## WHAT YOU WILL DO
Write out every entry word for word.

## EXCERPTED DATA

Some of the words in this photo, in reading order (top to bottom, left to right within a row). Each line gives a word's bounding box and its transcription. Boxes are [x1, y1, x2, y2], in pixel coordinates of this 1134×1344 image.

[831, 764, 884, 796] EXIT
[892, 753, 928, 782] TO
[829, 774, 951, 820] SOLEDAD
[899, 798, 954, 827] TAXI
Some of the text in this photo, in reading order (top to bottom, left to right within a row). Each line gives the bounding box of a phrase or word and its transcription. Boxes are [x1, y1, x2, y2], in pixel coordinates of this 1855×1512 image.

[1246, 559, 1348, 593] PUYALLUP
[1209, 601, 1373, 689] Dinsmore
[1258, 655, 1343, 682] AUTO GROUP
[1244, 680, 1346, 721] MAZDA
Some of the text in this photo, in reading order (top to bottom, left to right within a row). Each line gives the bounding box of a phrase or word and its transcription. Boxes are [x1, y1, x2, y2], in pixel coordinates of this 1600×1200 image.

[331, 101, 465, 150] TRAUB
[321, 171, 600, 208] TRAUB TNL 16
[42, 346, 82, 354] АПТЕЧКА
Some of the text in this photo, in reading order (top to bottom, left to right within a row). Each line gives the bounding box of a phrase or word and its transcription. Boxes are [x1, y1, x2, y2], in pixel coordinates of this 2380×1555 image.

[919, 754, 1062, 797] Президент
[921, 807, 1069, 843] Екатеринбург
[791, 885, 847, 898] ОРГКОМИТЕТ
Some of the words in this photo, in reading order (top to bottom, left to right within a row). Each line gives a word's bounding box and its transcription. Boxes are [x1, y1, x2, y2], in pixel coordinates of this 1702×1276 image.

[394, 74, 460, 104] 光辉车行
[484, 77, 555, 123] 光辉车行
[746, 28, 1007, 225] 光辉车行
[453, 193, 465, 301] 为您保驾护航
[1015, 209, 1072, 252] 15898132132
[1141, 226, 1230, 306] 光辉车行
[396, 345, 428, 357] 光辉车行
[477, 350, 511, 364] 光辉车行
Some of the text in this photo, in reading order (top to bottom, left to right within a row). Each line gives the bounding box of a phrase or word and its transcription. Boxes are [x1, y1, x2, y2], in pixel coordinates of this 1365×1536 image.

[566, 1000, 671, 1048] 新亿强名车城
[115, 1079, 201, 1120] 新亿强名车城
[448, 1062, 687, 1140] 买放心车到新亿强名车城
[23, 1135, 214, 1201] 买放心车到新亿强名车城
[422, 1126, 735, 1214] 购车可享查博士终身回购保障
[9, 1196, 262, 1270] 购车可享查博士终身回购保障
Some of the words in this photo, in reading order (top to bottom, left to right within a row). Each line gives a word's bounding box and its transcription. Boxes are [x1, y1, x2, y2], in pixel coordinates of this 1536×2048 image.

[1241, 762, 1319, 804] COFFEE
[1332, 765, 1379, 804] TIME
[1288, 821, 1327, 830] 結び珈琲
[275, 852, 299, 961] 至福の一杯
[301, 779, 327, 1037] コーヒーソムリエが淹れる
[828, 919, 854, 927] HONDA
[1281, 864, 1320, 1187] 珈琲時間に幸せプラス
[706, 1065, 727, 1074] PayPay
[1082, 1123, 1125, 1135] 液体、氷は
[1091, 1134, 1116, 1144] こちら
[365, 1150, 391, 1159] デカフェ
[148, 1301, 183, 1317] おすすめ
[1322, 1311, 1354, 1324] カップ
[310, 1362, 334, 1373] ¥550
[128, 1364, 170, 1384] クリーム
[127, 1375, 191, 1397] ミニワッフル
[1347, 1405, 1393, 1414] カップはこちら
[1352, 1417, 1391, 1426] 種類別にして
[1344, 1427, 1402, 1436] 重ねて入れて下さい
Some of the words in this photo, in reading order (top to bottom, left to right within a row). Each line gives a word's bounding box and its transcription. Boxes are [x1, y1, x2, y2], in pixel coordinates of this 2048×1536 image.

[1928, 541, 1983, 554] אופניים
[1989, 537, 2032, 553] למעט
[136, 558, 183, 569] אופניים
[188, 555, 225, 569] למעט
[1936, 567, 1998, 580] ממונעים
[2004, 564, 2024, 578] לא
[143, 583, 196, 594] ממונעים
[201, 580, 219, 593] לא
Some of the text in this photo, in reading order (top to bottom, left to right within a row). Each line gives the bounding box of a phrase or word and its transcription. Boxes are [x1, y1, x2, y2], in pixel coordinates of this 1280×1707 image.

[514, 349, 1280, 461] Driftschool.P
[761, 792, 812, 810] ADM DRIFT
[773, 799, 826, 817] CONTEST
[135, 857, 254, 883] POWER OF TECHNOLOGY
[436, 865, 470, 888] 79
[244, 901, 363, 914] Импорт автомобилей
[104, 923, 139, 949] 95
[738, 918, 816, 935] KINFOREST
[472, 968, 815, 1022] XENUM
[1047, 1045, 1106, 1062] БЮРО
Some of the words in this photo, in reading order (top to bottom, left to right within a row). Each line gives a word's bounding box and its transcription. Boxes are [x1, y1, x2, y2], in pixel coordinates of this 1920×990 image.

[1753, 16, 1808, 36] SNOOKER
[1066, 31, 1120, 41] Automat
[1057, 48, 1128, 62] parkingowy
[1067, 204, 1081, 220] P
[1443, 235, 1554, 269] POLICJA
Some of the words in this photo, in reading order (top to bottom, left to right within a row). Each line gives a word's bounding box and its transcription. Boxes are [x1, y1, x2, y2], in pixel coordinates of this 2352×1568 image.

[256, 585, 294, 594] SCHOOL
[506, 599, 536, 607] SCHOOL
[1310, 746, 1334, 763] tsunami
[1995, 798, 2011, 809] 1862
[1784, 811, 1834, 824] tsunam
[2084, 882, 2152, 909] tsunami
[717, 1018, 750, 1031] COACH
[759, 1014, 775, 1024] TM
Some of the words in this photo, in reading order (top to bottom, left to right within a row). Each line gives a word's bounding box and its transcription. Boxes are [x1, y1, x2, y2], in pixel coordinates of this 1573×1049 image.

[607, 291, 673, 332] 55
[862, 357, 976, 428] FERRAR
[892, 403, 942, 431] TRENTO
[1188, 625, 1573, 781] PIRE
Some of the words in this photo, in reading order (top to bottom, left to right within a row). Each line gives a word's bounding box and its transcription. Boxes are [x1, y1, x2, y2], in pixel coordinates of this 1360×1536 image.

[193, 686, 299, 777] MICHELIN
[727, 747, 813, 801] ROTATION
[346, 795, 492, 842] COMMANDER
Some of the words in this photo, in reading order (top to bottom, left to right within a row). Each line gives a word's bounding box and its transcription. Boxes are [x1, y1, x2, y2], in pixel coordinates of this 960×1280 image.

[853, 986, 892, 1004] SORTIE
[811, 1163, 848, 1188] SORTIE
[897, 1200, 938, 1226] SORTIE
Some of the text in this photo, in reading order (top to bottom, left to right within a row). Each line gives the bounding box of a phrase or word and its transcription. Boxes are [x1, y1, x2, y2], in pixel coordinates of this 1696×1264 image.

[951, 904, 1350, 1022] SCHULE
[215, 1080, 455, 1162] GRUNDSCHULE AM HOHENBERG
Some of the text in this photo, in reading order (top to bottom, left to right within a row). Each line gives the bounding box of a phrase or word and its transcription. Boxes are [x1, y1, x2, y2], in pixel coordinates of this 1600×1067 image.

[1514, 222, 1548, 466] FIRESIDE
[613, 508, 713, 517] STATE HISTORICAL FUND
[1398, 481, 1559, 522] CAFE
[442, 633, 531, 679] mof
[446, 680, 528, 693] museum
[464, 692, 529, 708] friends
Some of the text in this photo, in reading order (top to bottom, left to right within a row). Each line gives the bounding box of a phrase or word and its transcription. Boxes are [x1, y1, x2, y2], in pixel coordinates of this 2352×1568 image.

## SOLUTION FOR THIS TASK
Some of the words in this photo, in reading order (top to bottom, left to right within a row). Each line gives a word's bounding box and its transcription. Boxes are [x1, y1, x2, y2], in pixel coordinates of this 1134×1344 image.

[831, 764, 884, 796] EXIT
[892, 753, 928, 782] TO
[829, 774, 951, 820] SOLEDAD
[899, 798, 954, 827] TAXI
Some of the text in this photo, in reading order (top to bottom, left to right within a row). Each line gives the bounding box of a phrase or word and its transcription. Boxes are [x1, y1, x2, y2], in pixel coordinates of this 1855×1512 image.

[1246, 559, 1348, 593] PUYALLUP
[1209, 601, 1373, 689] Dinsmore
[1258, 655, 1343, 682] AUTO GROUP
[1244, 680, 1346, 721] MAZDA
Some of the text in this photo, in reading order (top to bottom, left to right within a row). Each line gives the bounding box of a phrase or word and its transcription. Boxes are [x1, y1, x2, y2], in pixel coordinates of this 1600×1200 image.

[331, 101, 465, 150] TRAUB
[321, 171, 600, 208] TRAUB TNL 16
[42, 346, 82, 354] АПТЕЧКА
Some of the text in this photo, in reading order (top to bottom, left to right within a row). Each line gives the bounding box of a phrase or word and its transcription. Boxes are [x1, y1, x2, y2], in pixel coordinates of this 2380×1555 image.

[919, 754, 1062, 797] Президент
[921, 807, 1069, 843] Екатеринбург
[791, 885, 847, 898] ОРГКОМИТЕТ
Some of the words in this photo, in reading order (top to bottom, left to right within a row). Each line gives a word's bounding box and its transcription. Boxes are [x1, y1, x2, y2], in pixel coordinates of this 1702×1276 image.

[394, 74, 460, 104] 光辉车行
[484, 77, 555, 123] 光辉车行
[746, 28, 1007, 225] 光辉车行
[453, 193, 465, 301] 为您保驾护航
[1015, 209, 1072, 252] 15898132132
[1141, 226, 1230, 306] 光辉车行
[396, 345, 428, 357] 光辉车行
[477, 350, 511, 364] 光辉车行
Some of the text in this photo, in reading order (top to bottom, left to right within a row). Each line gives the bounding box of a phrase or word and its transcription. Boxes are [x1, y1, x2, y2], in pixel coordinates of this 1365×1536 image.

[566, 1000, 671, 1048] 新亿强名车城
[115, 1079, 201, 1120] 新亿强名车城
[448, 1062, 687, 1140] 买放心车到新亿强名车城
[23, 1135, 214, 1201] 买放心车到新亿强名车城
[422, 1126, 735, 1214] 购车可享查博士终身回购保障
[9, 1196, 262, 1270] 购车可享查博士终身回购保障
Some of the words in this photo, in reading order (top to bottom, left to right within a row). Each line gives a word's bounding box and its transcription. Boxes are [x1, y1, x2, y2], in pixel coordinates of this 1536×2048 image.

[1241, 762, 1319, 804] COFFEE
[1332, 765, 1379, 804] TIME
[1288, 821, 1327, 830] 結び珈琲
[275, 852, 299, 961] 至福の一杯
[301, 779, 327, 1037] コーヒーソムリエが淹れる
[828, 919, 854, 927] HONDA
[1281, 864, 1320, 1187] 珈琲時間に幸せプラス
[706, 1065, 727, 1074] PayPay
[1082, 1123, 1125, 1135] 液体、氷は
[1091, 1134, 1116, 1144] こちら
[365, 1150, 391, 1159] デカフェ
[148, 1301, 183, 1317] おすすめ
[1322, 1311, 1354, 1324] カップ
[310, 1362, 334, 1373] ¥550
[128, 1364, 170, 1384] クリーム
[127, 1375, 191, 1397] ミニワッフル
[1347, 1405, 1393, 1414] カップはこちら
[1352, 1417, 1391, 1426] 種類別にして
[1344, 1427, 1402, 1436] 重ねて入れて下さい
Some of the words in this photo, in reading order (top to bottom, left to right within a row). Each line gives a word's bounding box and its transcription. Boxes are [x1, y1, x2, y2], in pixel coordinates of this 2048×1536 image.

[1928, 541, 1983, 554] אופניים
[1989, 537, 2032, 553] למעט
[136, 558, 183, 569] אופניים
[188, 555, 225, 569] למעט
[1936, 567, 1998, 580] ממונעים
[2004, 564, 2024, 578] לא
[143, 583, 196, 594] ממונעים
[201, 580, 219, 593] לא
Some of the text in this photo, in reading order (top to bottom, left to right within a row). Each line gives the bounding box of a phrase or word and its transcription. Boxes are [x1, y1, x2, y2], in pixel coordinates of this 1280×1707 image.

[514, 349, 1280, 461] Driftschool.P
[761, 792, 812, 810] ADM DRIFT
[773, 799, 826, 817] CONTEST
[135, 857, 254, 883] POWER OF TECHNOLOGY
[436, 865, 470, 888] 79
[244, 901, 363, 914] Импорт автомобилей
[104, 923, 139, 949] 95
[738, 918, 816, 935] KINFOREST
[472, 968, 815, 1022] XENUM
[1047, 1045, 1106, 1062] БЮРО
Some of the words in this photo, in reading order (top to bottom, left to right within a row). Each line gives a word's bounding box and its transcription. Boxes are [x1, y1, x2, y2], in pixel coordinates of this 1920×990 image.

[1753, 16, 1808, 36] SNOOKER
[1066, 31, 1120, 41] Automat
[1057, 48, 1128, 62] parkingowy
[1067, 204, 1081, 220] P
[1443, 235, 1554, 269] POLICJA
Some of the words in this photo, in reading order (top to bottom, left to right within a row). Each line gives a word's bounding box and its transcription. Boxes are [x1, y1, x2, y2], in pixel coordinates of this 2352×1568 image.

[256, 585, 294, 594] SCHOOL
[506, 599, 536, 607] SCHOOL
[1310, 746, 1334, 763] tsunami
[1995, 798, 2011, 809] 1862
[1784, 811, 1834, 824] tsunam
[2084, 882, 2152, 909] tsunami
[717, 1018, 750, 1031] COACH
[759, 1014, 775, 1024] TM
Some of the words in this photo, in reading order (top to bottom, left to right within a row). Each line gives a word's bounding box and its transcription. Boxes are [x1, y1, x2, y2], in pixel coordinates of this 1573×1049 image.

[607, 291, 673, 332] 55
[862, 357, 976, 428] FERRAR
[892, 403, 942, 431] TRENTO
[1188, 625, 1573, 781] PIRE
Some of the words in this photo, in reading order (top to bottom, left to right within a row). Each line gives a word's bounding box and its transcription. Boxes are [x1, y1, x2, y2], in pixel coordinates of this 1360×1536 image.

[193, 686, 299, 777] MICHELIN
[727, 747, 813, 801] ROTATION
[346, 795, 492, 842] COMMANDER
Some of the words in this photo, in reading order (top to bottom, left to right within a row). Each line gives a word's bounding box and its transcription. Boxes are [x1, y1, x2, y2], in pixel coordinates of this 960×1280 image.

[853, 986, 892, 1004] SORTIE
[811, 1163, 848, 1188] SORTIE
[897, 1200, 938, 1226] SORTIE
Some of the text in this photo, in reading order (top to bottom, left to right within a row). Each line gives the bounding box of a phrase or word and its transcription. Boxes are [x1, y1, x2, y2], in pixel coordinates of this 1696×1264 image.

[951, 904, 1350, 1022] SCHULE
[215, 1080, 455, 1162] GRUNDSCHULE AM HOHENBERG
Some of the text in this photo, in reading order (top to bottom, left to right within a row). Each line gives the bounding box of a phrase or word and its transcription. Boxes are [x1, y1, x2, y2], in pixel coordinates of this 1600×1067 image.

[1514, 222, 1548, 466] FIRESIDE
[613, 508, 713, 517] STATE HISTORICAL FUND
[1398, 481, 1559, 522] CAFE
[442, 633, 531, 679] mof
[446, 680, 528, 693] museum
[464, 692, 529, 708] friends
Some of the text in this photo, in reading order (top to bottom, left to right within a row). Each line gives the bounding box of a phrase or word and its transcription. Boxes are [x1, y1, x2, y2], in pixel coordinates of this 2352×1568 image.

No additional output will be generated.